One of the main hotel resorts which received investment from overseas property firm Harlequin Property has not filed accounts for seven years.
Buccament Bay Resort on the Caribbean island of St.Vincent - the flagship investment of the £200m unregulated Harlequin investment scheme - has failed to file any accounts or financial statements with the registrar of companies of the state of Saint Vincent since 2005.
According to documents seen by IFAonline from the deputy registrar of Saint Vincent, the Buccament Bay Resort is now in "default" of its obligations.
As a result it is liable to be struck off the island's companies register.
Harlequin was this week the subject of an alert by the Financial Services Authority (FSA), in which the regulator issued a warning to financial advisers about investing clients' money in Caribbean property through Harlequin.
In order to make sure a recommendation to invest in an overseas property investment is suitable for their customers, the FSA expects advisers to have undertaken thorough due diligence on the various developments being sold through Harlequin to fully satisfy themselves that it is a suitable investment taking into account all relevant factors.
This should involve consideration of how building work is progressing on the various sites and any factors involved in reported delays to completion.

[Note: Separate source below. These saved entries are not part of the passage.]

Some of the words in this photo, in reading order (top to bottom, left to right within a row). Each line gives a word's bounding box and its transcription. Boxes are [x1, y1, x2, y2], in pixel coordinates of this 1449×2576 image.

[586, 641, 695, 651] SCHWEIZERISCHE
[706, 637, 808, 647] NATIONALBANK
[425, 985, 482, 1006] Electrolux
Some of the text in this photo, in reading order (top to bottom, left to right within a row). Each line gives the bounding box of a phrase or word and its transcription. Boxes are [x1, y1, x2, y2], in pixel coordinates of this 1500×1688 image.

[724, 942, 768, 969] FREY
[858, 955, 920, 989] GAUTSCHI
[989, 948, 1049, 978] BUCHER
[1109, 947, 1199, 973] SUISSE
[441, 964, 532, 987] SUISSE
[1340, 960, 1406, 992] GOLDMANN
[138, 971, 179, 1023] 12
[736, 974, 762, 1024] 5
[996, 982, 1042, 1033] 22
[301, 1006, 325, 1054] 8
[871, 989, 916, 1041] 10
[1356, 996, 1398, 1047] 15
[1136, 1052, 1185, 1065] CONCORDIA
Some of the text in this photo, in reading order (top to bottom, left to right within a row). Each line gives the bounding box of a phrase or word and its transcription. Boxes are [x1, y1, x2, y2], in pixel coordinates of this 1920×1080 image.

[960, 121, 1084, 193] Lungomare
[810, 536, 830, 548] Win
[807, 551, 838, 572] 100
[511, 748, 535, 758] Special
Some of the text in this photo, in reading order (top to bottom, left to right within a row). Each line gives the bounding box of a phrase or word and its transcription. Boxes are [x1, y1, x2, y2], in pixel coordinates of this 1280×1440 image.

Advisers must also establish precisely how their clients' funds will be used during the construction phase and the terms of their purchase agreements, and make a full assessment of all publicly available information about the overseas property investments through Harlequin and on all the parties associated with these investments.
A spokesperson for Regulatory Legal, which acts on behalf of clients invested in Harlequin, said: "The lack of transparent information is a concern for investors. It does beg the question what advisers were doing since 2005 to miss this."
In a statement Harelquin said:"Whilst there have been delays in filing accounts for Buccament Bay this is largely due to historic problems with its former accountants and UK auditors, Wilkins Kennedy, who are now the subject of a claim by Harlequin for professional negligence in relation to aspects of the work they did for Harlequin. Draft accounts have now been completed up to March 2011 and we expect to file these shortly."
Wilkins Kennedy said in a statement: ""Wilkins Kennedy were not appointed as auditors or instructed to file statutory accounts for Harlequin Property SVG Limited or any other overseas company within the Harlequin organisation.
"Wilkins Kennedy did act as auditors to Harlequin Management Services (South East) Limited the UK based property marketing company and resigned in 2010. New auditors were appointed and subsequent years accounts as audited by them were filed at Companies House.''
"Because of the on-going legal dispute we are not able to comment further other than to say Wilkins Kennedy is robustly contesting the claims against us."
Earlier this month, IFAonline revealed how a number of SIPP providers had stopped taking investments into Harlequin according to its biggest UK distributor, after concerns about it were raised by a law firm.
According to Harlequin, some of these SIPP providers have since lifted their suspension.